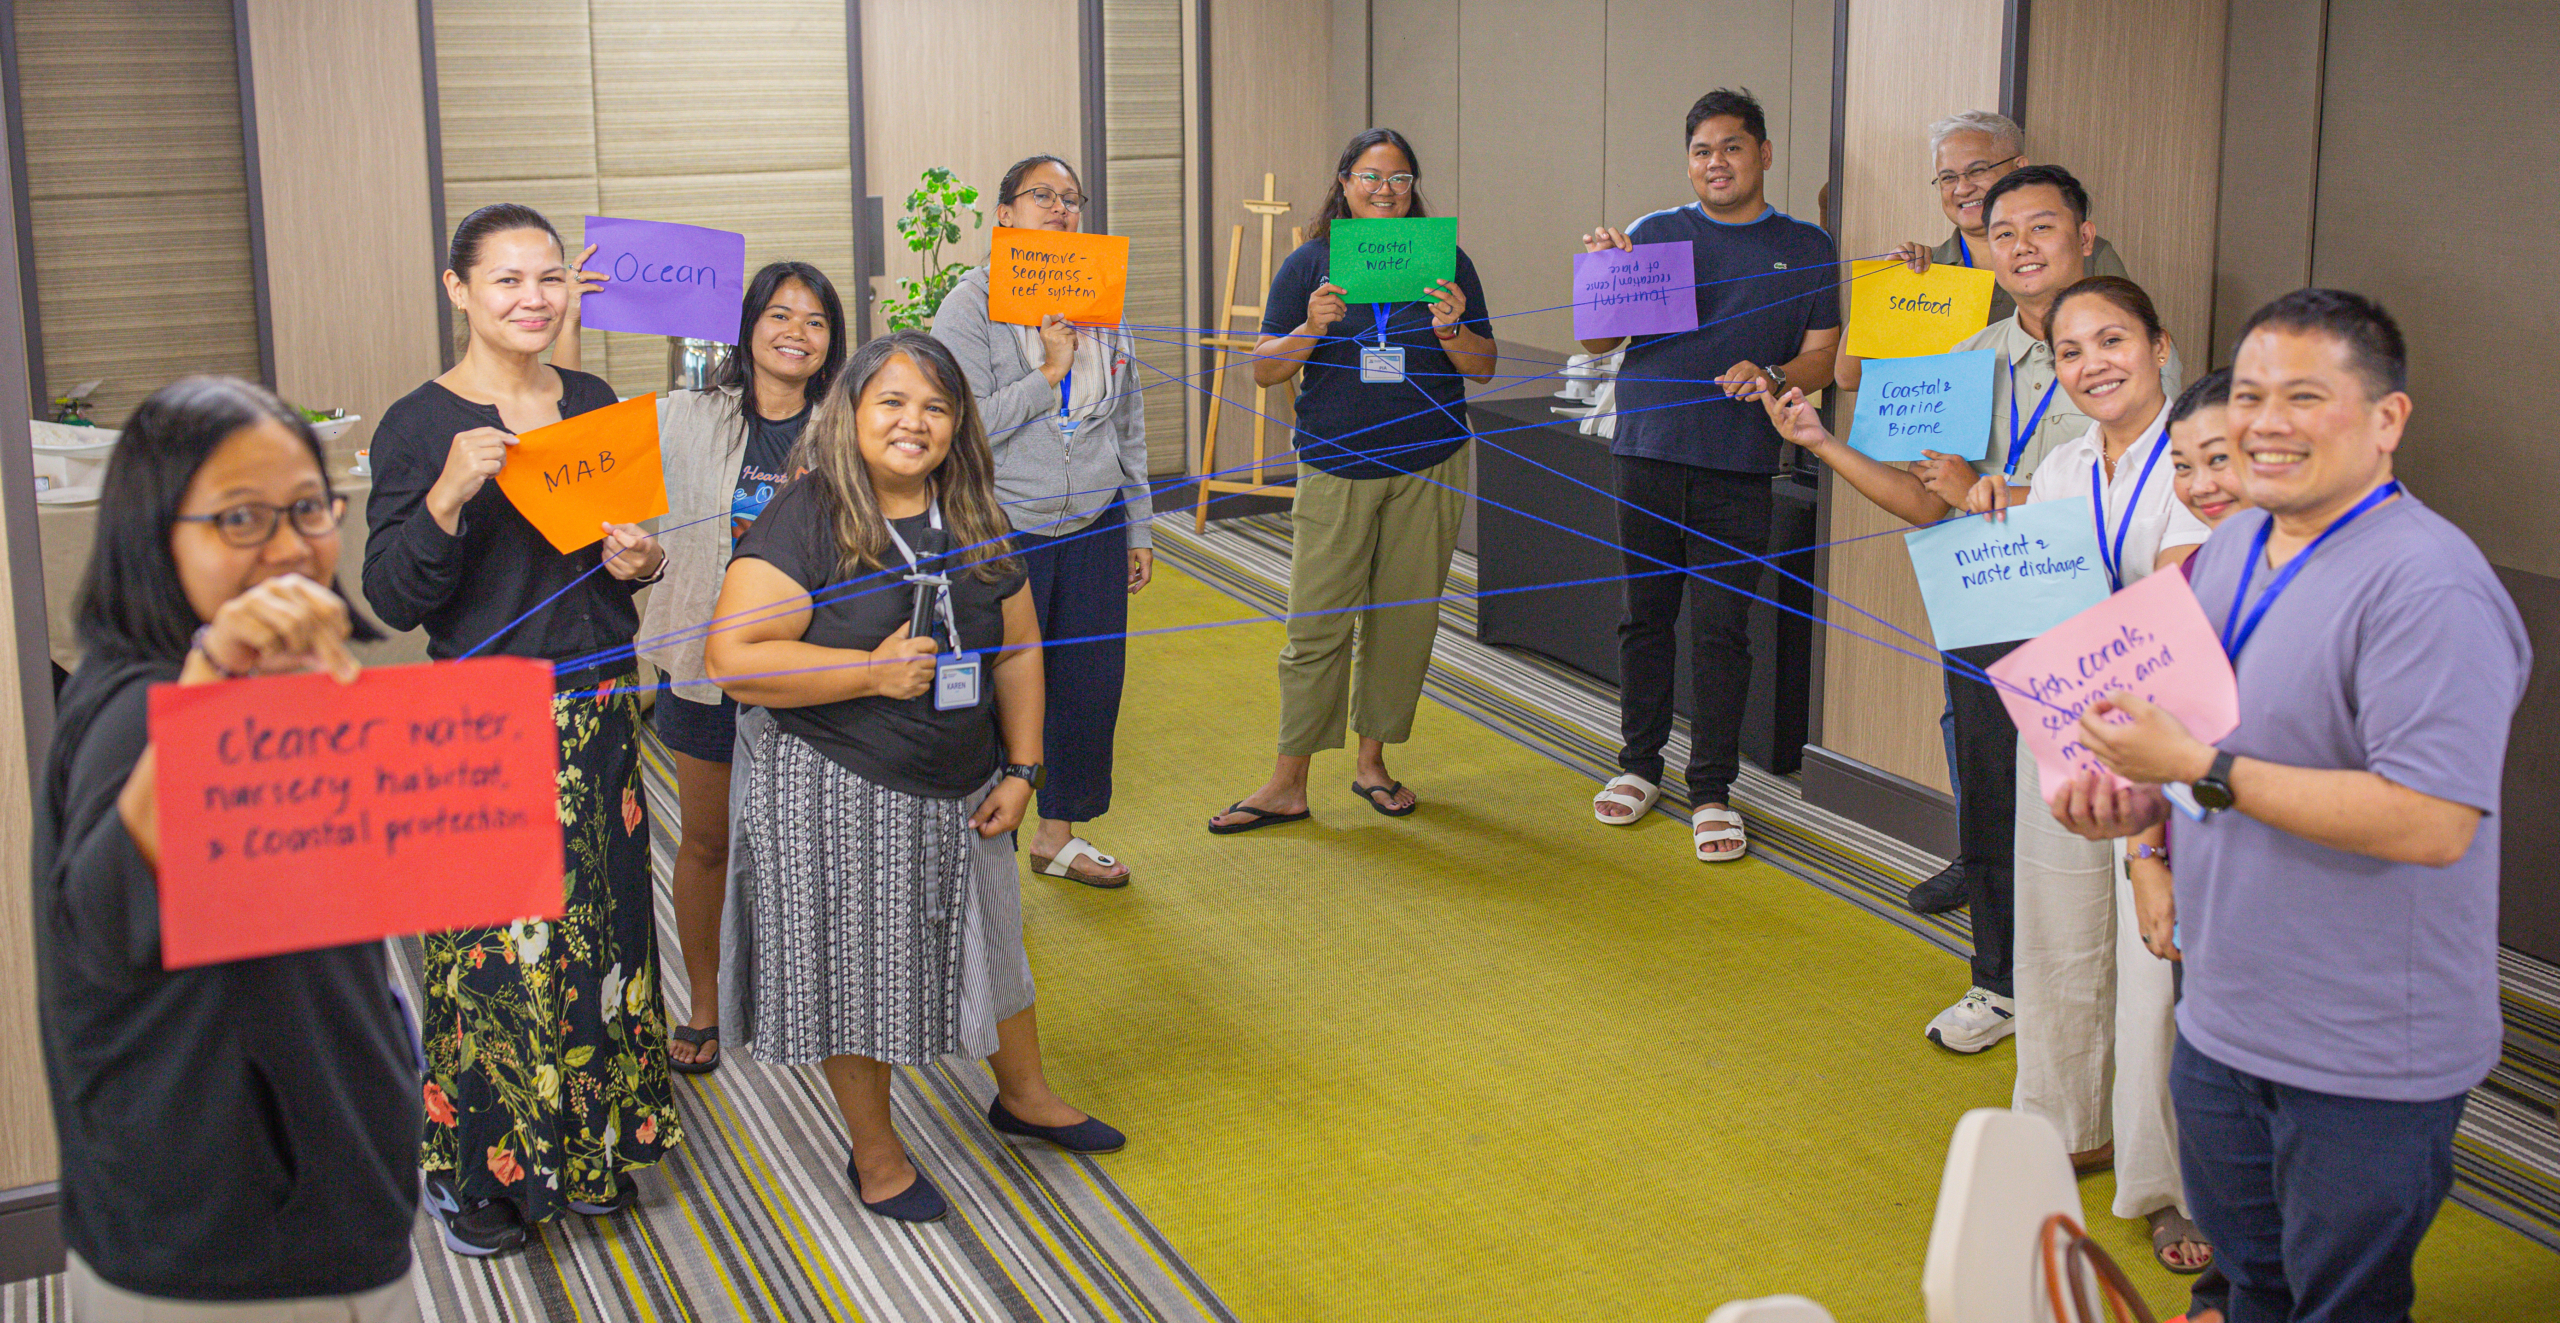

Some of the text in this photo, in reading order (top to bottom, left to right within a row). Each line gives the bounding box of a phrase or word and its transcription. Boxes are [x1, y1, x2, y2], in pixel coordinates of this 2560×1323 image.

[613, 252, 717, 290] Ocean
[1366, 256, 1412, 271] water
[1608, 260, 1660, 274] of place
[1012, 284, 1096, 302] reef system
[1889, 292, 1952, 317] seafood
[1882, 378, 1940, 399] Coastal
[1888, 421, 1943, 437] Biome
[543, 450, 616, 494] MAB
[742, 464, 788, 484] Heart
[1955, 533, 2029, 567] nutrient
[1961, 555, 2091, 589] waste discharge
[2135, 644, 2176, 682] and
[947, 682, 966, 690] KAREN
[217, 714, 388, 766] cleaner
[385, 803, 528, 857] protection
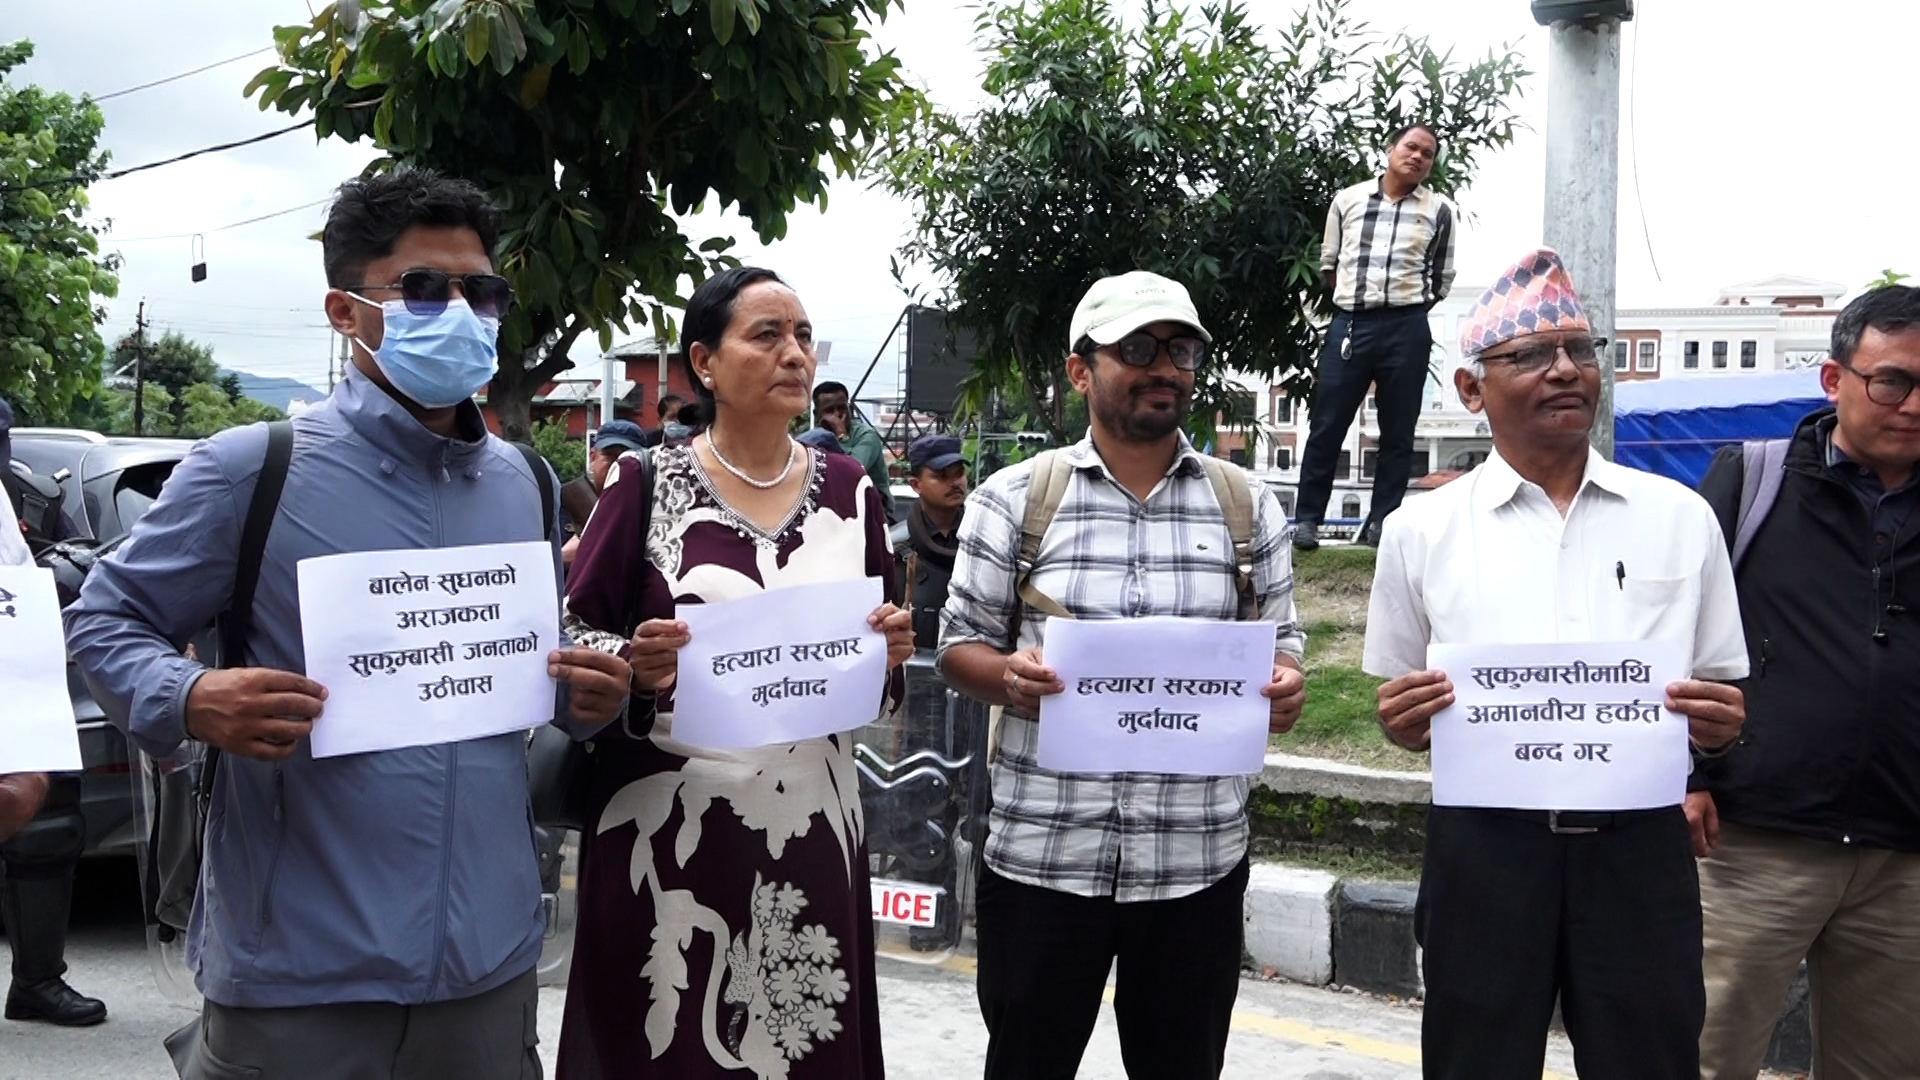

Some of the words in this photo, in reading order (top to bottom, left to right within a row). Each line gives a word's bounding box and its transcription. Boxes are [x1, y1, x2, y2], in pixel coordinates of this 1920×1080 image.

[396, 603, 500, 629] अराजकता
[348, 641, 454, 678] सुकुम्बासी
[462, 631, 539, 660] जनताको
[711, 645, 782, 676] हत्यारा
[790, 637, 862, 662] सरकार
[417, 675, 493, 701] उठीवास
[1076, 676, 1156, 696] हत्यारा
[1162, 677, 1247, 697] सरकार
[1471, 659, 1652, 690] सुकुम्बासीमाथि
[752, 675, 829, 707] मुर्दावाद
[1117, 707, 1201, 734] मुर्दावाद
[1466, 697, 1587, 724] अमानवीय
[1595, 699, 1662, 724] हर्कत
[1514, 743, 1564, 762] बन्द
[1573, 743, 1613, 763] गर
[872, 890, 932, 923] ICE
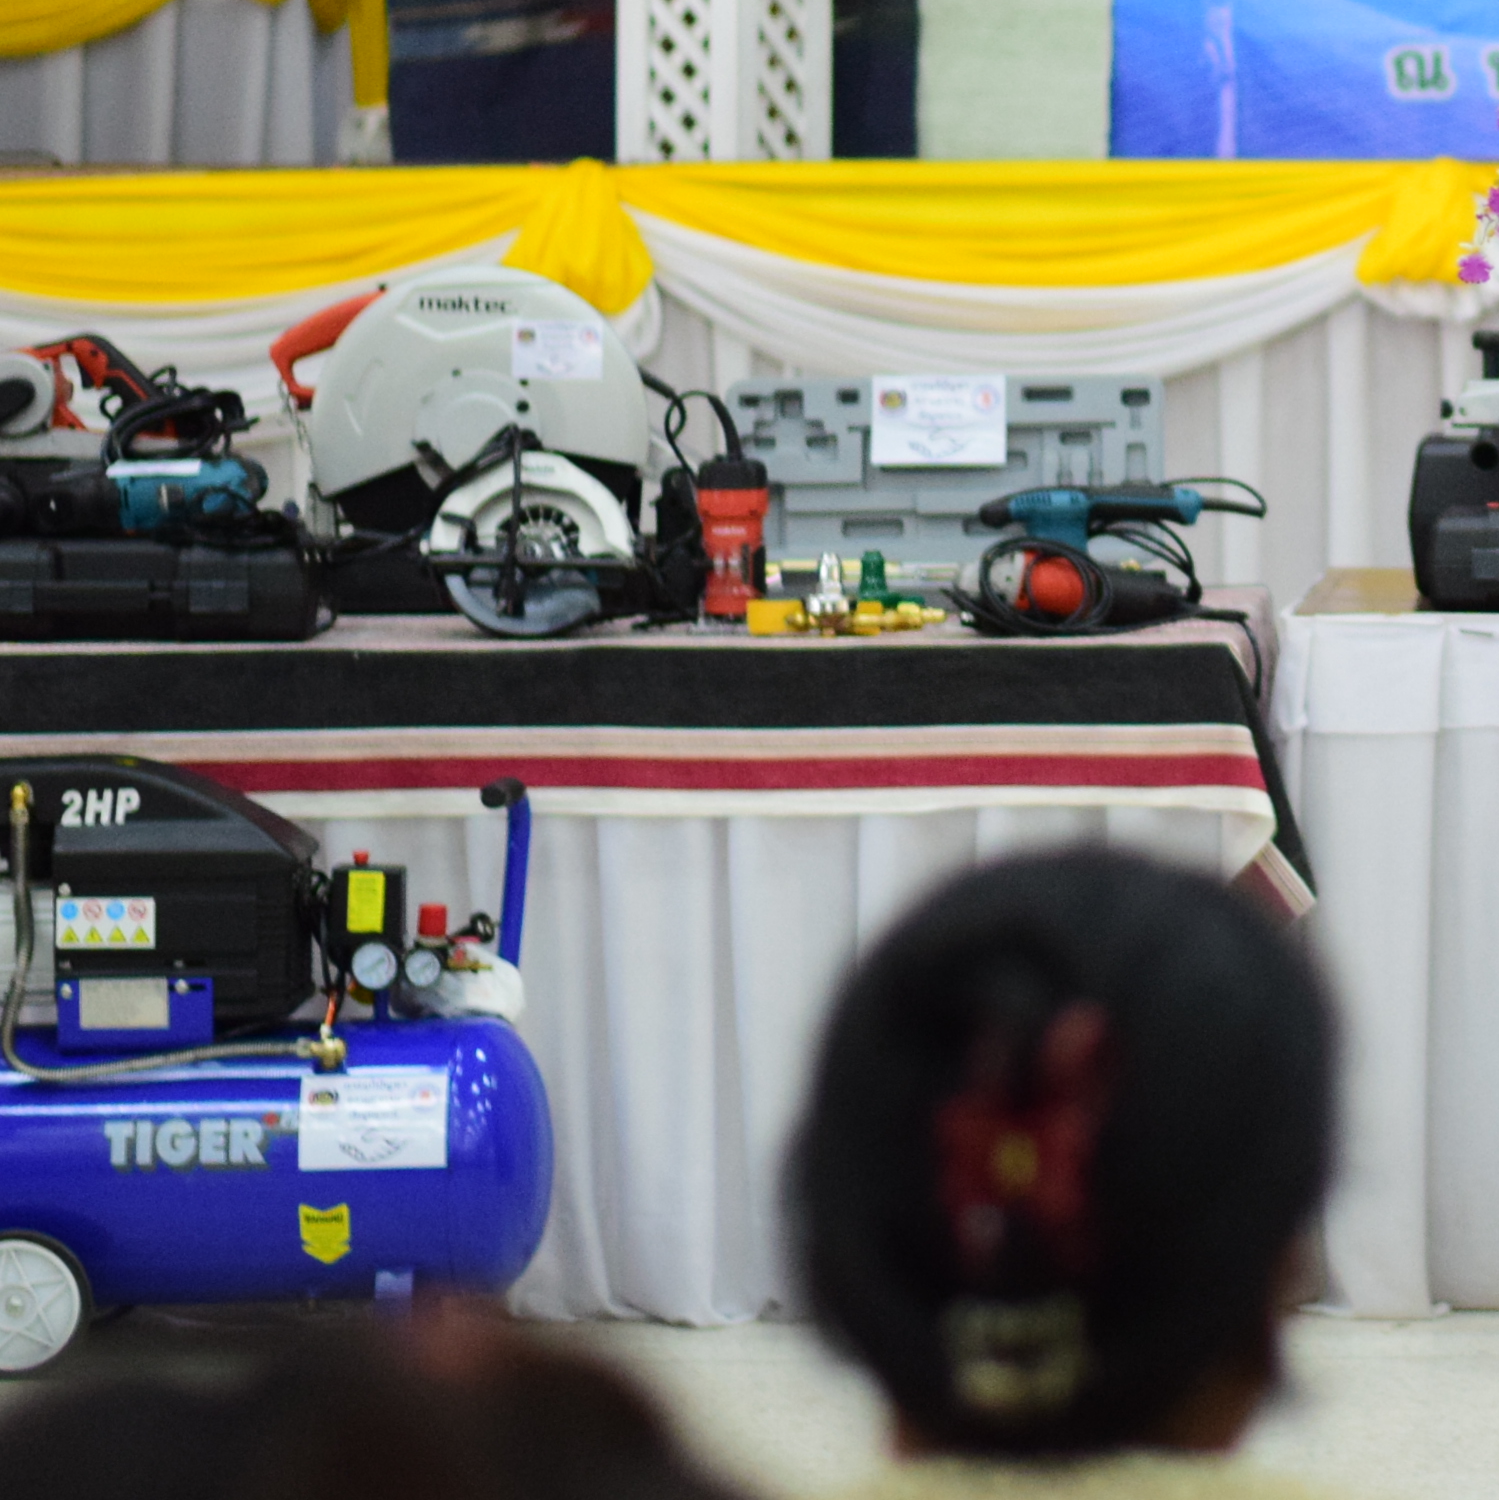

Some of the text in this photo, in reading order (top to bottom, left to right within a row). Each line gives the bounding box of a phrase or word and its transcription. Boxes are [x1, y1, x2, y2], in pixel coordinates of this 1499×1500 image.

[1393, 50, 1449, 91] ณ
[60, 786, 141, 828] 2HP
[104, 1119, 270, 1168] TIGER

+--

§ GOAL OF THE EXERCISE: Reproduce the listing exactly, but omit every picture in it.

§ EXERCISE ANSWER:
Some of the text in this photo, in reading order (top to bottom, left to right within a row). Each line gives the bounding box of a phrase or word and its transcription. Boxes are [x1, y1, x2, y2], in pixel coordinates of this 2560×1323 image.

[613, 252, 717, 290] Ocean
[1366, 256, 1412, 271] water
[1608, 260, 1660, 274] of place
[1012, 284, 1096, 302] reef system
[1889, 292, 1952, 317] seafood
[1882, 378, 1940, 399] Coastal
[1888, 421, 1943, 437] Biome
[543, 450, 616, 494] MAB
[742, 464, 788, 484] Heart
[1955, 533, 2029, 567] nutrient
[1961, 555, 2091, 589] waste discharge
[2135, 644, 2176, 682] and
[947, 682, 966, 690] KAREN
[217, 714, 388, 766] cleaner
[385, 803, 528, 857] protection

Some of the words in this photo, in reading order (top to bottom, left to right within a row). Each line gives a word's bounding box and its transcription. Boxes are [x1, y1, x2, y2], in pixel coordinates of this 1920×1080 image.

[396, 603, 500, 629] अराजकता
[348, 641, 454, 678] सुकुम्बासी
[462, 631, 539, 660] जनताको
[711, 645, 782, 676] हत्यारा
[790, 637, 862, 662] सरकार
[417, 675, 493, 701] उठीवास
[1076, 676, 1156, 696] हत्यारा
[1162, 677, 1247, 697] सरकार
[1471, 659, 1652, 690] सुकुम्बासीमाथि
[752, 675, 829, 707] मुर्दावाद
[1117, 707, 1201, 734] मुर्दावाद
[1466, 697, 1587, 724] अमानवीय
[1595, 699, 1662, 724] हर्कत
[1514, 743, 1564, 762] बन्द
[1573, 743, 1613, 763] गर
[872, 890, 932, 923] ICE

Some of the text in this photo, in reading order (top to bottom, left to right within a row). Each line gives the bounding box of a phrase or word and its transcription. Boxes are [x1, y1, x2, y2], in pixel coordinates of this 1499×1500 image.

[1393, 50, 1449, 91] ณ
[60, 786, 141, 828] 2HP
[104, 1119, 270, 1168] TIGER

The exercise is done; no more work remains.